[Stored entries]
-- Opening Marker --

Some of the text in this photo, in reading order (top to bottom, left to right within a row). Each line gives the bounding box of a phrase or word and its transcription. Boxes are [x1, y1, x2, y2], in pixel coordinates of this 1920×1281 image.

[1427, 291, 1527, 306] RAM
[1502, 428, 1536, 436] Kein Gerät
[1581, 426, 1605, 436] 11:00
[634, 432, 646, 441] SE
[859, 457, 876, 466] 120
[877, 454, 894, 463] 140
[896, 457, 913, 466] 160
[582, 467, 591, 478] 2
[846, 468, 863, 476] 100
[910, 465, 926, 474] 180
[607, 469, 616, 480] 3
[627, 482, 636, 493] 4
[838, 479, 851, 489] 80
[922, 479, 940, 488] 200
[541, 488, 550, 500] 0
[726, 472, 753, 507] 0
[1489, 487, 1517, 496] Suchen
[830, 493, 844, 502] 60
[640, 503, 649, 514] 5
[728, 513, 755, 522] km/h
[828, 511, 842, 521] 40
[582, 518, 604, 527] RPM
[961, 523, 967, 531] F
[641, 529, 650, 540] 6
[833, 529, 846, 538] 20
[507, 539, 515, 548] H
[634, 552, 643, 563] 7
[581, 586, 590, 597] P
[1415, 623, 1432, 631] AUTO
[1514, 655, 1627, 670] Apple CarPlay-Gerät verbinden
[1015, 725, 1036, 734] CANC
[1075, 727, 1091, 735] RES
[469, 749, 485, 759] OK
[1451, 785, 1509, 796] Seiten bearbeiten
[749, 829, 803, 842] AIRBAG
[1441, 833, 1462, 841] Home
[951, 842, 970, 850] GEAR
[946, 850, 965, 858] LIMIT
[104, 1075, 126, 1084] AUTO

-- Closing Marker --

What you should do: For each line shown above, write an exact copy.

Expected answer:
Some of the text in this photo, in reading order (top to bottom, left to right within a row). Each line gives the bounding box of a phrase or word and its transcription. Boxes are [x1, y1, x2, y2], in pixel coordinates of this 1920×1281 image.

[1427, 291, 1527, 306] RAM
[1502, 428, 1536, 436] Kein Gerät
[1581, 426, 1605, 436] 11:00
[634, 432, 646, 441] SE
[859, 457, 876, 466] 120
[877, 454, 894, 463] 140
[896, 457, 913, 466] 160
[582, 467, 591, 478] 2
[846, 468, 863, 476] 100
[910, 465, 926, 474] 180
[607, 469, 616, 480] 3
[627, 482, 636, 493] 4
[838, 479, 851, 489] 80
[922, 479, 940, 488] 200
[541, 488, 550, 500] 0
[726, 472, 753, 507] 0
[1489, 487, 1517, 496] Suchen
[830, 493, 844, 502] 60
[640, 503, 649, 514] 5
[728, 513, 755, 522] km/h
[828, 511, 842, 521] 40
[582, 518, 604, 527] RPM
[961, 523, 967, 531] F
[641, 529, 650, 540] 6
[833, 529, 846, 538] 20
[507, 539, 515, 548] H
[634, 552, 643, 563] 7
[581, 586, 590, 597] P
[1415, 623, 1432, 631] AUTO
[1514, 655, 1627, 670] Apple CarPlay-Gerät verbinden
[1015, 725, 1036, 734] CANC
[1075, 727, 1091, 735] RES
[469, 749, 485, 759] OK
[1451, 785, 1509, 796] Seiten bearbeiten
[749, 829, 803, 842] AIRBAG
[1441, 833, 1462, 841] Home
[951, 842, 970, 850] GEAR
[946, 850, 965, 858] LIMIT
[104, 1075, 126, 1084] AUTO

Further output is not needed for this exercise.